• **PROBLEM**:
The records below must be copied in full; omit the images.

• **PROVIDED RECORDS**:
-*-*-
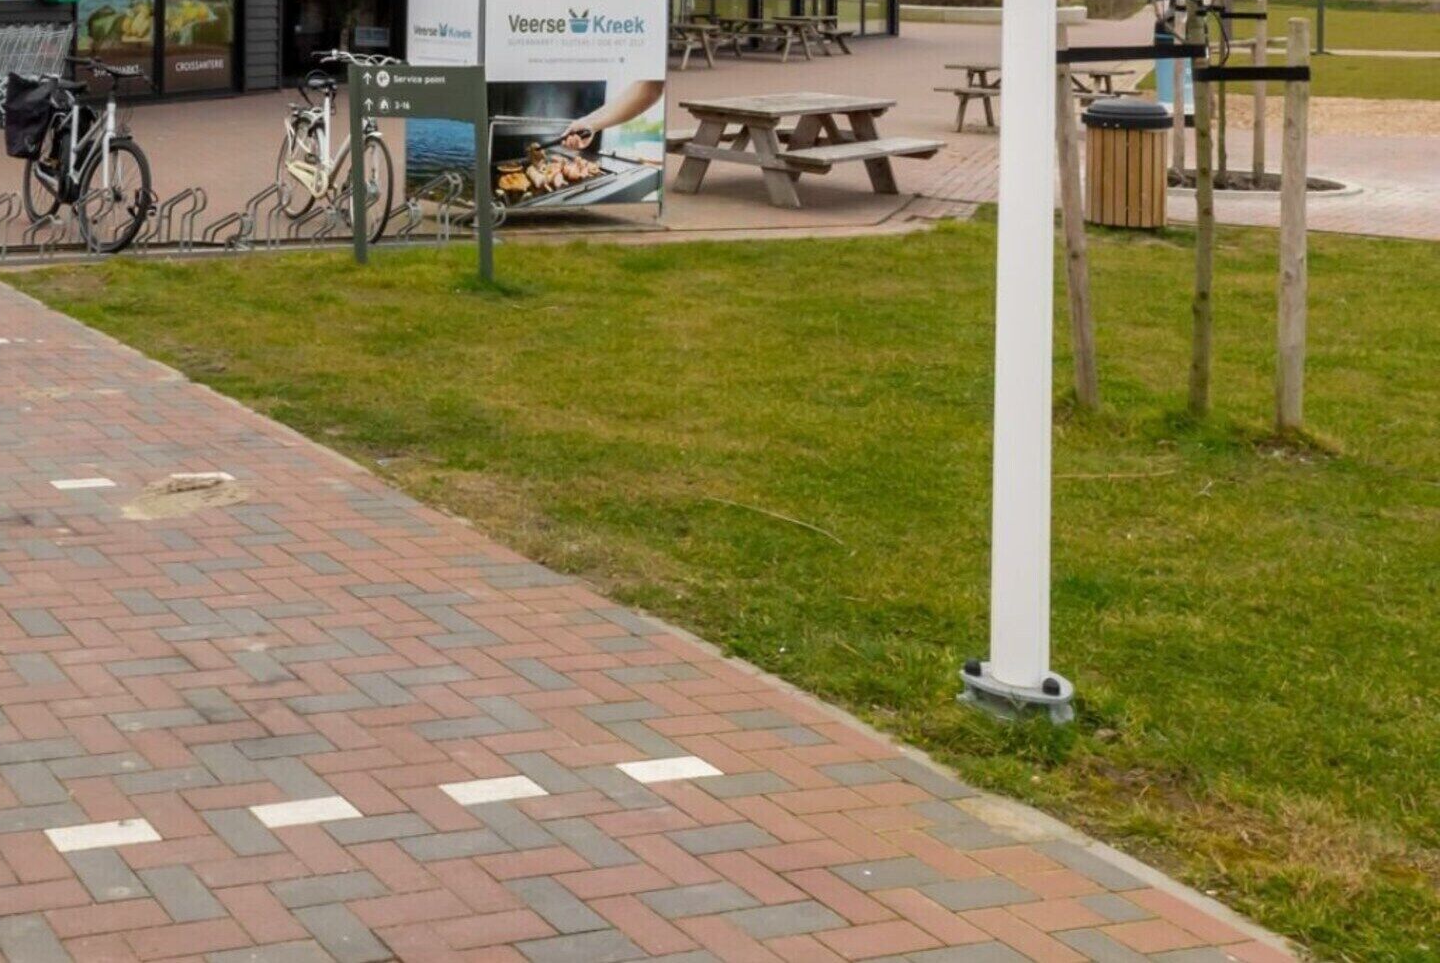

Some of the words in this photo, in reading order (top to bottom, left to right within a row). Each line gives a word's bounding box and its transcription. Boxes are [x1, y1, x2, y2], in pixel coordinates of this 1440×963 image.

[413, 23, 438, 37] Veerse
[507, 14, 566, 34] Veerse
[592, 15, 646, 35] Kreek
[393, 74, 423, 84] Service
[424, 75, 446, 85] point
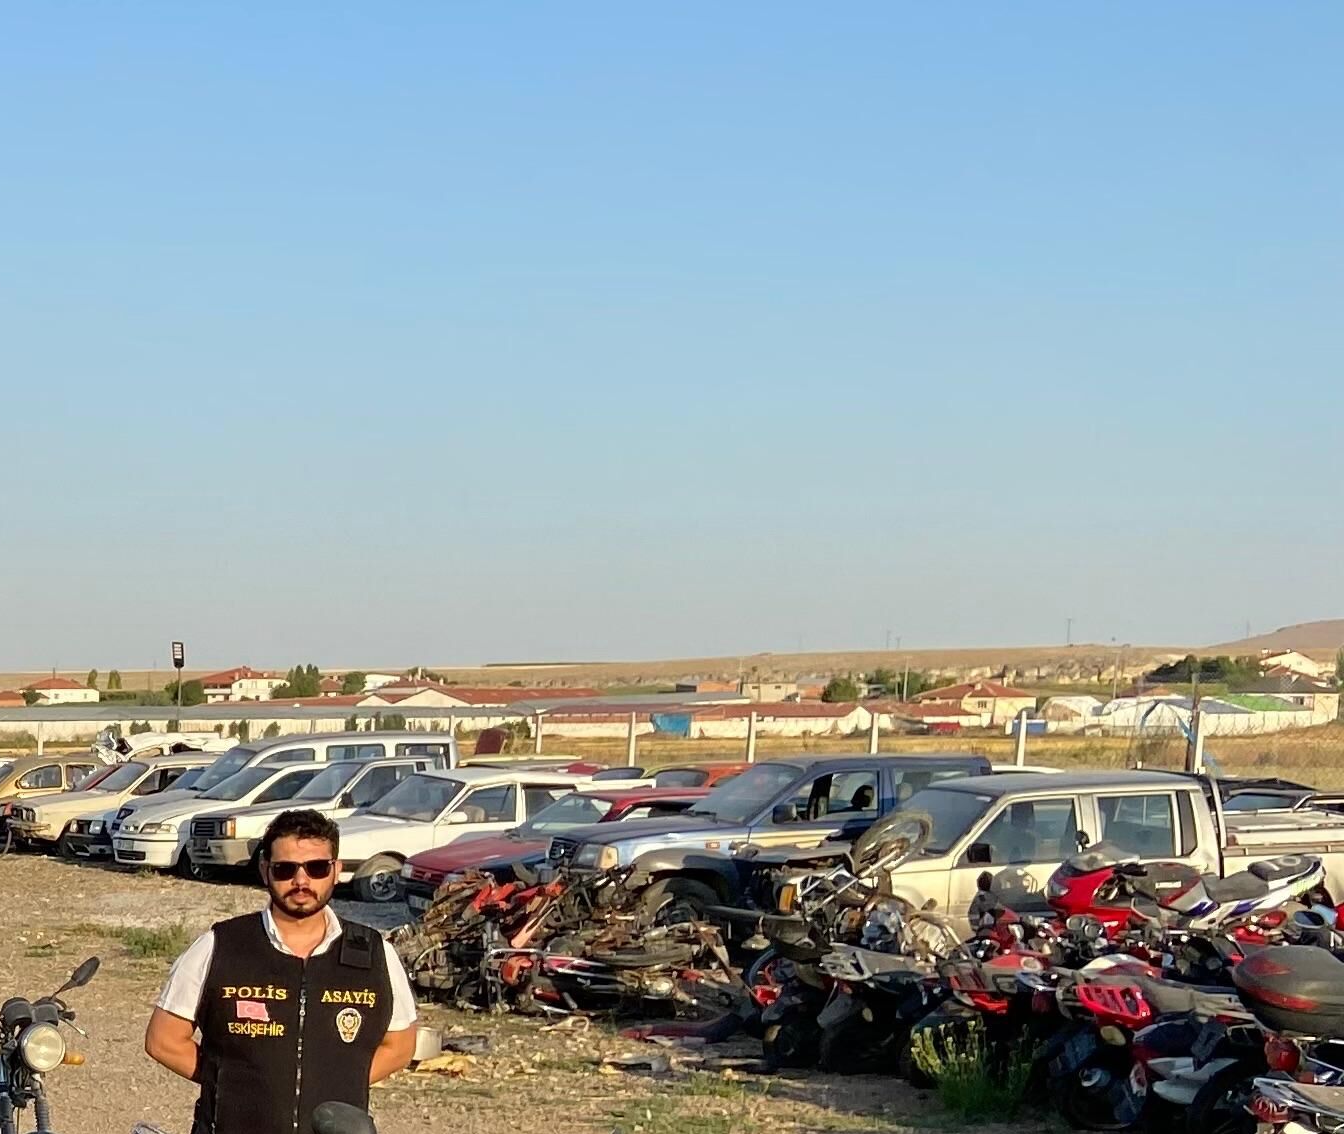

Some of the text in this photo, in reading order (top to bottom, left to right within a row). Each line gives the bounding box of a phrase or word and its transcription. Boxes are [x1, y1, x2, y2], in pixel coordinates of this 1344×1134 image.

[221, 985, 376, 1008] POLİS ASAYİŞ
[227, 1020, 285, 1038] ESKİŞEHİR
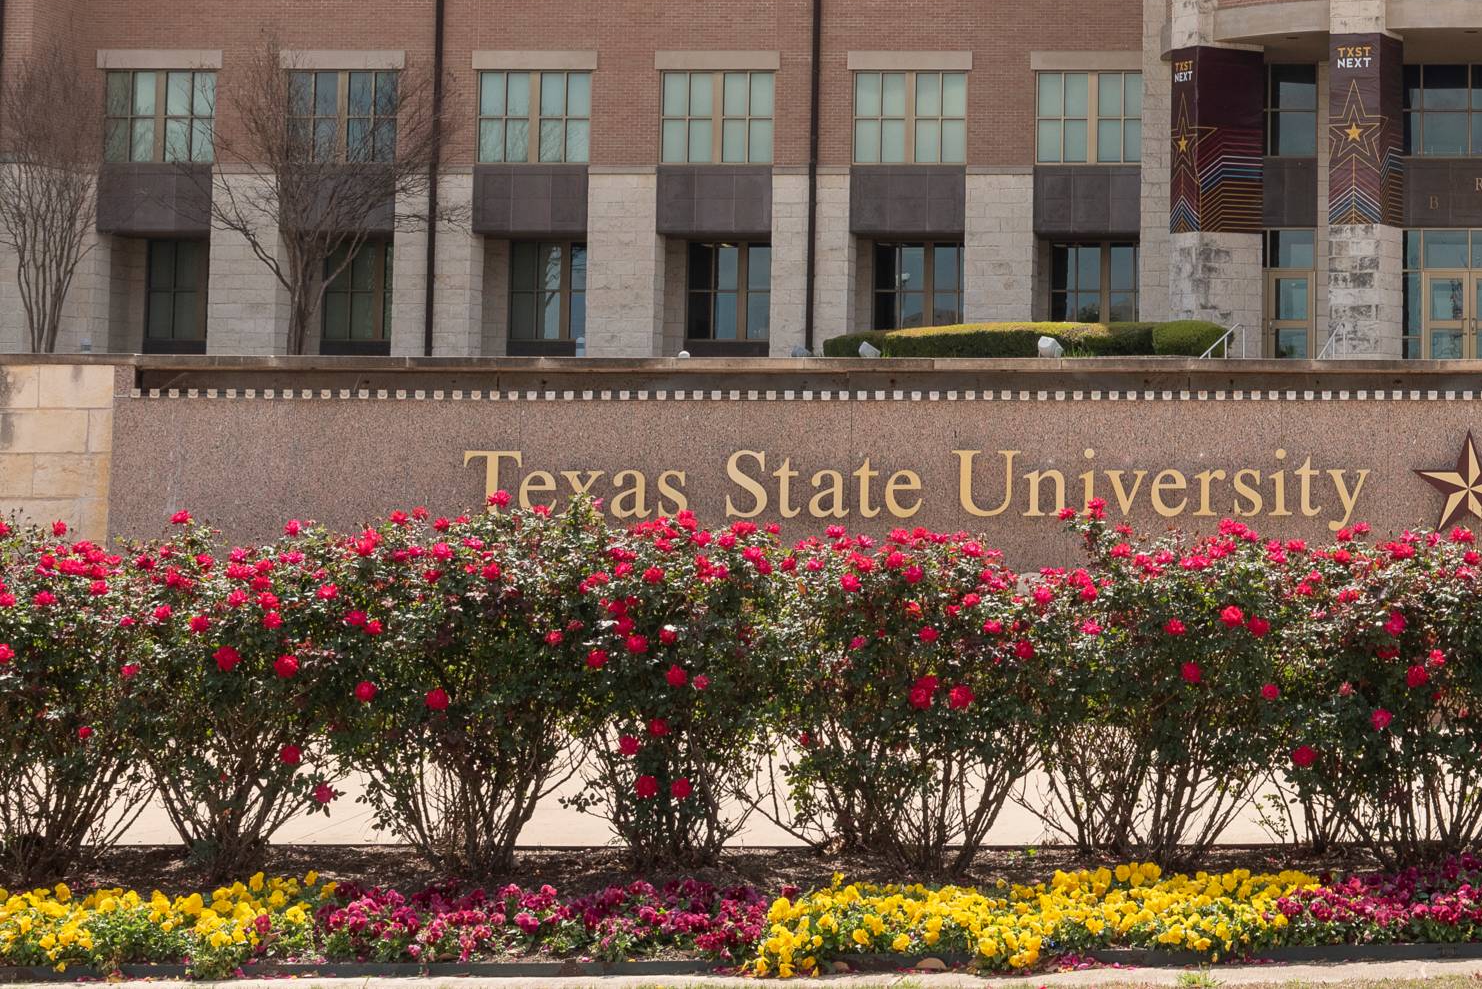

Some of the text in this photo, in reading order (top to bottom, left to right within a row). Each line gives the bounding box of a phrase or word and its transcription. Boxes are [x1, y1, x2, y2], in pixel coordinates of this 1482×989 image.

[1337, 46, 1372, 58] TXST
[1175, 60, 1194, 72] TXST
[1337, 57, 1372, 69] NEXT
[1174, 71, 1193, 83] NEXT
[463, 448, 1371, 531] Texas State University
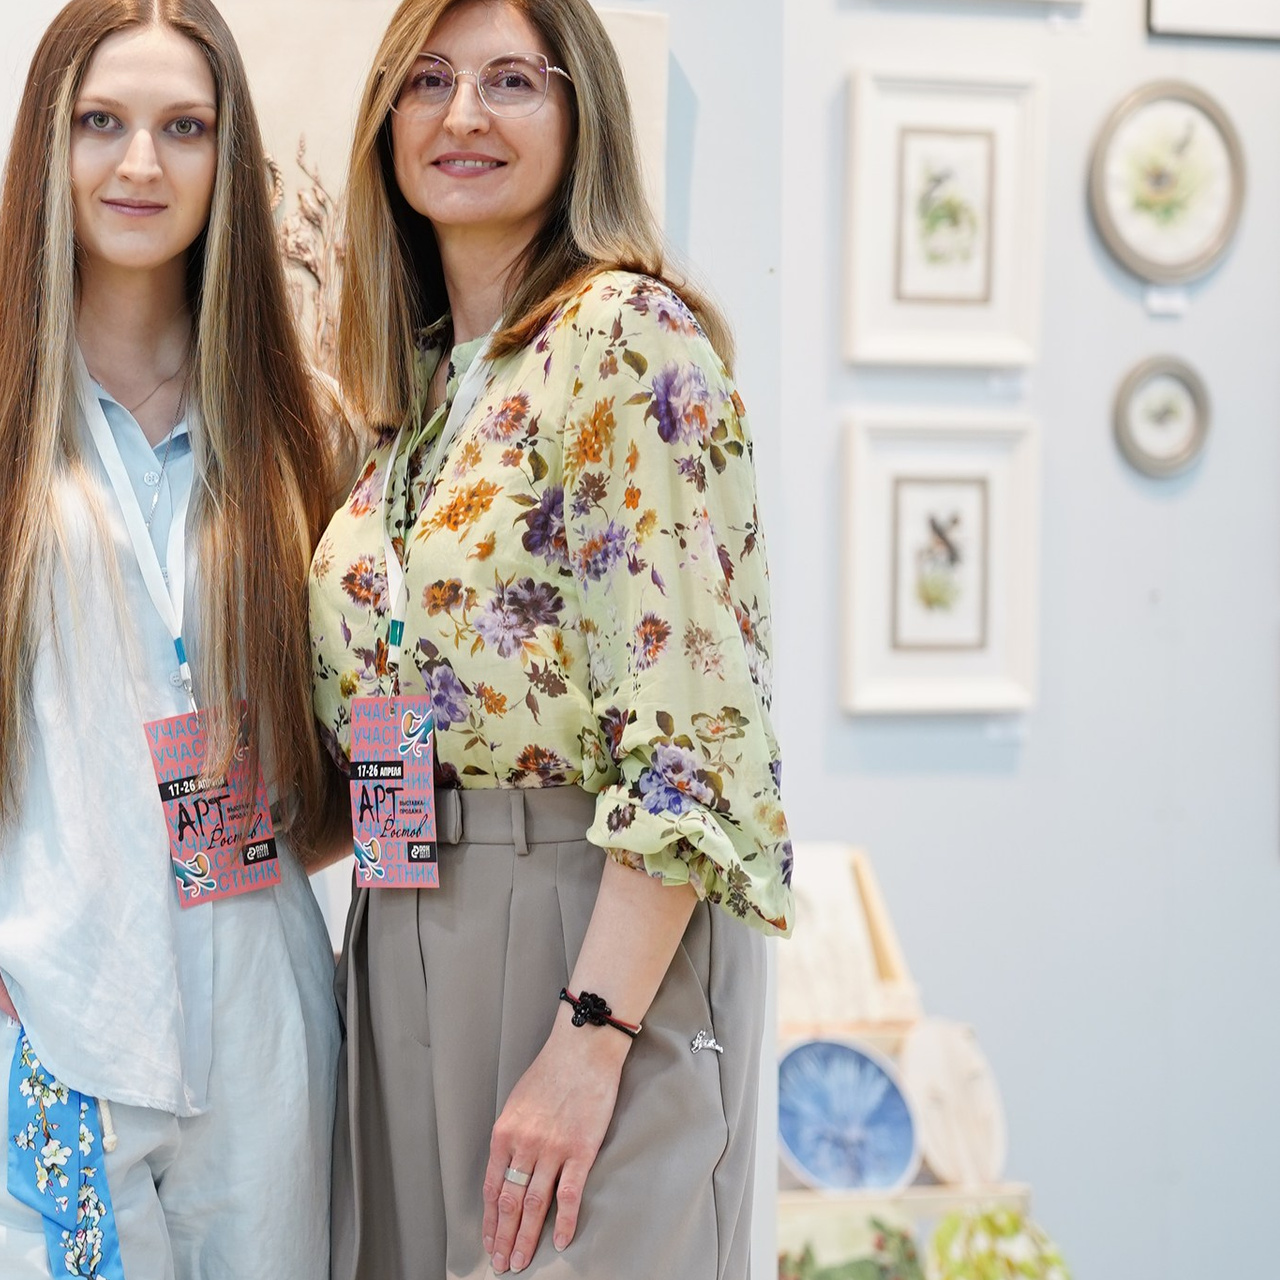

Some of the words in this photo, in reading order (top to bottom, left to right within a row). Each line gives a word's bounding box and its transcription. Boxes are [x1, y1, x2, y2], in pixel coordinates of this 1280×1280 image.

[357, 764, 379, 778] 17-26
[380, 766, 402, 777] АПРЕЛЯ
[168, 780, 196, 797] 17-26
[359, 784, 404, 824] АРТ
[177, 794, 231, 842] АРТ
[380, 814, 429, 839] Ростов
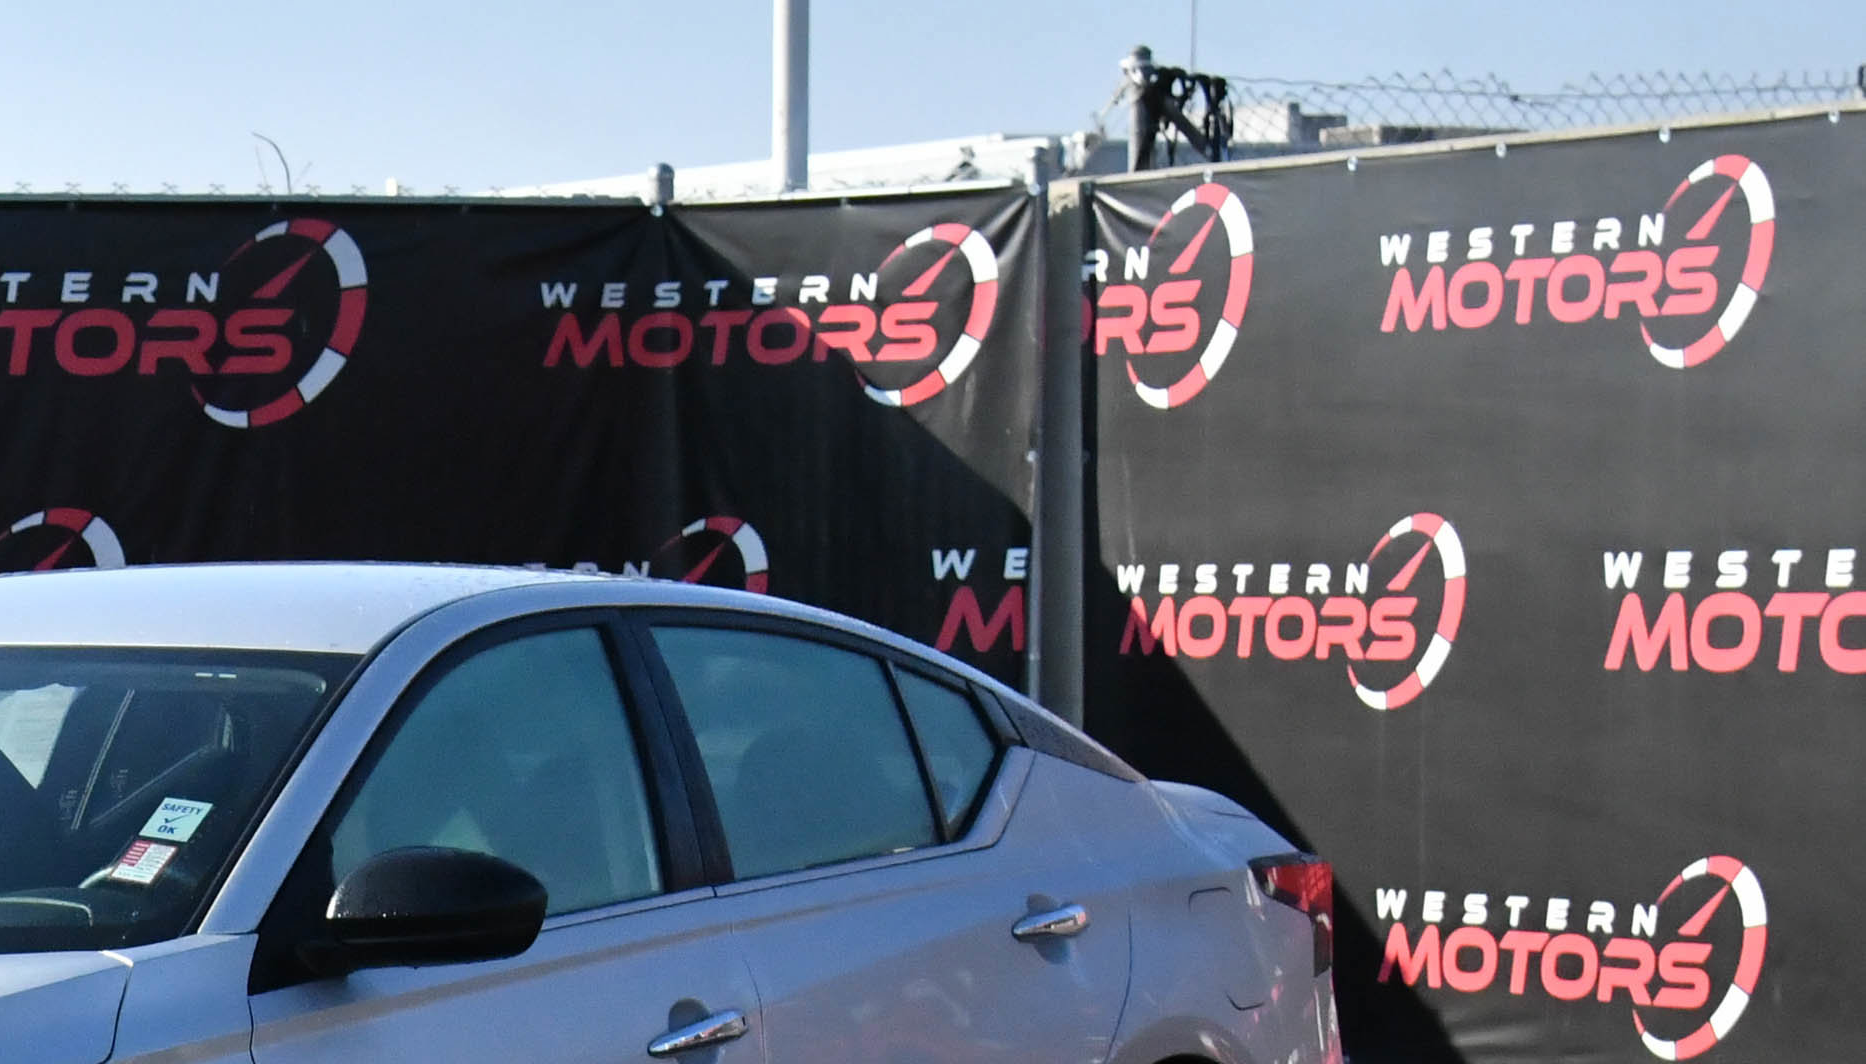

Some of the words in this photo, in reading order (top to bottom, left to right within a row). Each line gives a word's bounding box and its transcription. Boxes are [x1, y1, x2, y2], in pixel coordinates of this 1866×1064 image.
-*-*-
• **RESPONSE TO THIS EXERCISE**:
Some of the words in this photo, in reading order (top to bottom, left to right within a row). Each line gives a word's bounding box and its transcription. Boxes are [x1, y1, x2, y2], in pixel coordinates of this 1440×963 image.

[413, 23, 438, 37] Veerse
[507, 14, 566, 34] Veerse
[592, 15, 646, 35] Kreek
[393, 74, 423, 84] Service
[424, 75, 446, 85] point

Some of the text in this photo, in reading order (top to bottom, left to right within a row). Each line gives the bounding box of a phrase or word and its transcription. Boxes are [x1, y1, x2, y2], in pixel coordinates of this 1344×1134 image.

[221, 985, 376, 1008] POLİS ASAYİŞ
[227, 1020, 285, 1038] ESKİŞEHİR

Some of the text in this photo, in reading order (top to bottom, left to right within a row). Each line gives the bounding box of a phrase or word and its transcription. Boxes are [x1, y1, x2, y2], in pixel coordinates of this 1482×989 image.

[1337, 46, 1372, 58] TXST
[1175, 60, 1194, 72] TXST
[1337, 57, 1372, 69] NEXT
[1174, 71, 1193, 83] NEXT
[463, 448, 1371, 531] Texas State University

Some of the words in this photo, in reading order (top to bottom, left to right within a row). Each line gives a word's bounding box and its transcription. Boxes are [x1, y1, x2, y2], in pixel coordinates of this 1280×1280 image.

[357, 764, 379, 778] 17-26
[380, 766, 402, 777] АПРЕЛЯ
[168, 780, 196, 797] 17-26
[359, 784, 404, 824] АРТ
[177, 794, 231, 842] АРТ
[380, 814, 429, 839] Ростов

Some of the words in this photo, in reading order (top to bottom, left to right within a row). Each line gives a word's bounding box and its transcription. Boxes are [x1, y1, x2, y2], in pixel coordinates of this 1866×1064 image.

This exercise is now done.